NEW YORK — Denise Matthew says her desk looks exactly the same as she left it back on March 18, 2020.

“I didn’t really say goodbye. I didn’t clean out my drawer, because I thought it was going to be for a few weeks. And then a few weeks turned into a few days, few months, and then a year and then coworkers started dying,” an emotional Matthew said outside City Hall.

She never imagined that after more than 20 years of greeting hotels guests in Midtown, the job she loves would be put on hold with a future unknown.

“I literally was there the last day when they closed the door,” Matthew said.

What You Need To Know

  • This month, new legislation Mayor de Blasio signed would require hotels to pay workers severance if they do not reopen by Nov. 1

  • Under the new law, a hotel with over 100 rooms that laid off over 75% of its employees or closed during the pandemic would be required to pay a weekly severance of $500 for up to 30 weeks if it does not reopen

  • For the past two years, Denise Matthew says she was been laid off from her hotel job, lost health insurance and is now selling beauty products to supplement her income

Like many hotel workers across the city, she’s been laid off for almost two years. But this month, new legislation Mayor Bill de Blasio signed could be the relief many hotel workers have been waiting for. A hotel with over 100 rooms that laid off over 75% of its employees, or closed during the COVID-19 pandemic, would be required to pay a weekly severance of $500 for up to 30 weeks if it does not reopen by Nov. 1.

Richard Maroko, the president of the Hotel Trades Council, says this is happening at a time when workers really need it.
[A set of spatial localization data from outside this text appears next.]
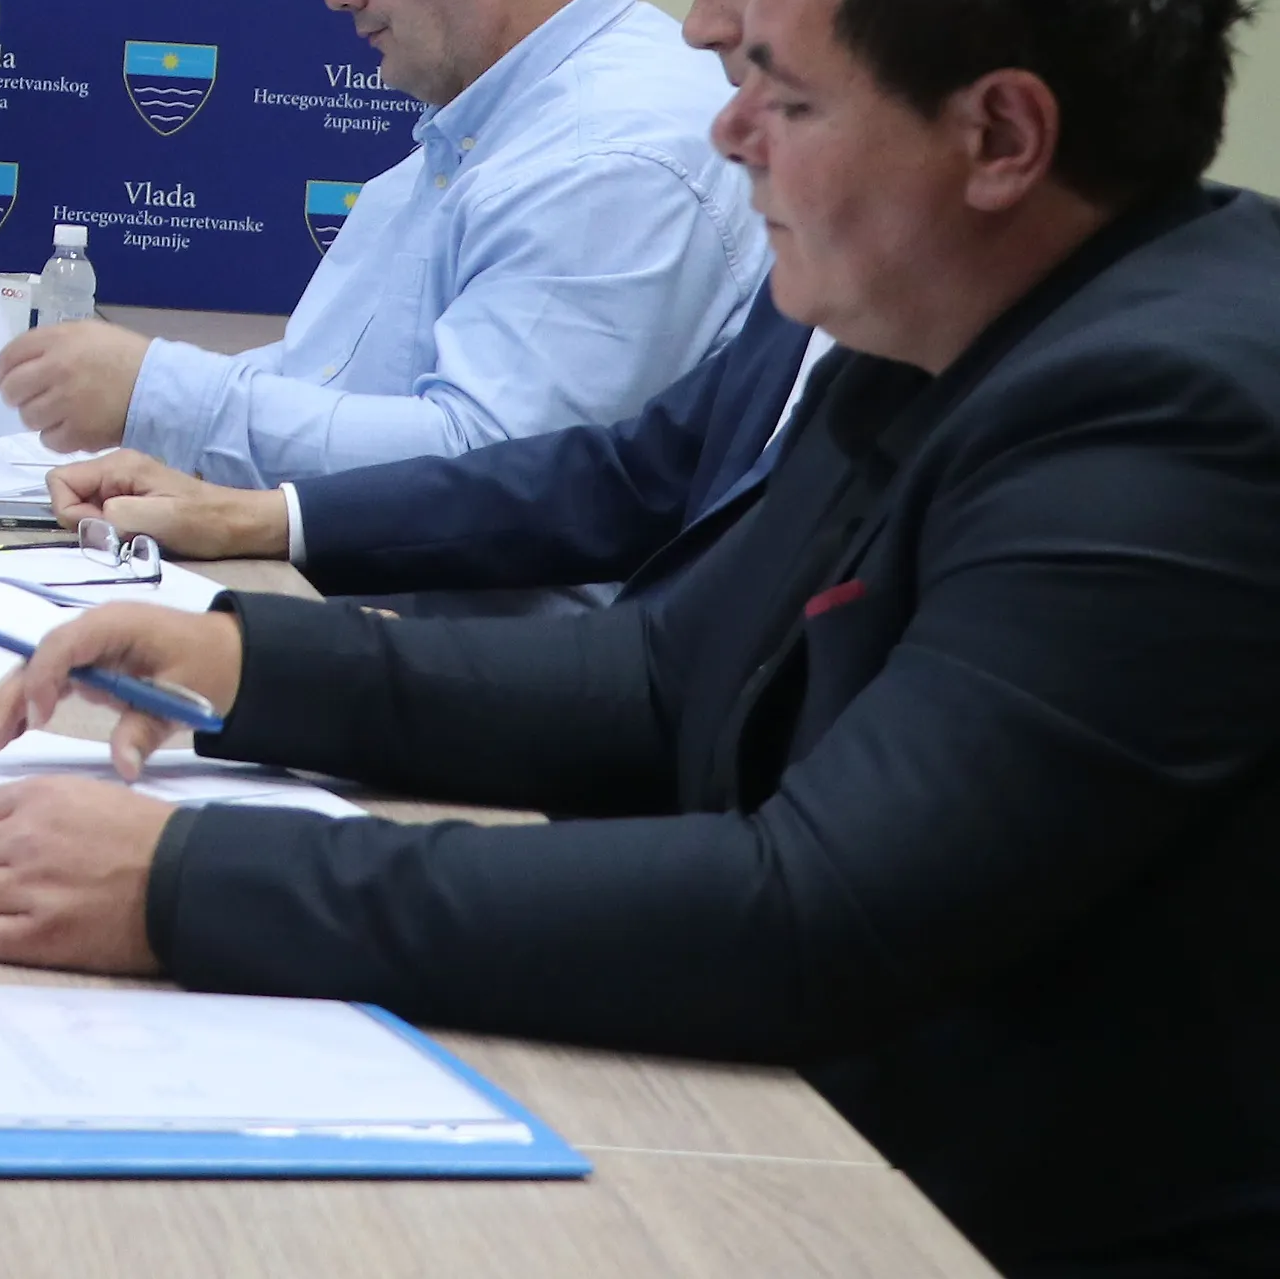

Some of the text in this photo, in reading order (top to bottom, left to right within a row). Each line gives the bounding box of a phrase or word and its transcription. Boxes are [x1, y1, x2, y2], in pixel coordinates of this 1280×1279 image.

[324, 64, 386, 90] Vlad
[254, 88, 427, 114] Hercegovačko-neretva
[324, 112, 391, 136] županije
[124, 180, 197, 208] Vlada
[54, 205, 265, 232] Hercegovačko-neretvanske
[124, 229, 191, 253] županije
“What I’ve been hearing from my members is that they were desperate for work,” Maroko said. “My hope is that this is going to provide incentives to hotels to reopen and recall employees so they can go back to work.”

To help supplement her income, Denise now sells Avon products from her Bronx home.
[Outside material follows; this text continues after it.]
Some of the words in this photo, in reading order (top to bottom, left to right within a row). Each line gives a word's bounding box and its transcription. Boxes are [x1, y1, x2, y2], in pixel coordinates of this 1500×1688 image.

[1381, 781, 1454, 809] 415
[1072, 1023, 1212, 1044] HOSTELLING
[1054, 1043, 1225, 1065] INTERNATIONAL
“After unemployment ended, I needed to find something that I could start making income,” Matthew said while showing products. “So it was either Uber Eats, DoorDash.”

She said during that time she also lost her health insurance and found it difficult to motivate herself.

“Depression, anxiety. Like, some days I get up and I’m good; some days I get up and I’m on the couch until my sister comes home from work,” Matthew said.

“Once I heard about this bill, I had some kind of excitement that something was going to happen and it did: I got called back yesterday to go back to work,” she added.

The Hotel Association of New York City points out that the hotel industry has suffered, too. The organization filed a suit to strike down the bill. A statement provided by the president and CEO, Vijay Dandapani, said, “The hotel industry has been among the hardest-hit by COVID 19, shuttering hundreds of hotels with many on the verge of bankruptcy. We’re disappointed that the City chose to risk future tourism and our local economy by passing this legislation which forces hotels to pay money they do not have. Ultimately this bill may force owners to close and leave New York altogether.”

For Matthew, she’s happy to go back to work and see coworkers she called family for all these year.

But it is bittersweet.

“I’m sad for the ones who are still not there yet and are still waiting and hoping,” Matthew said.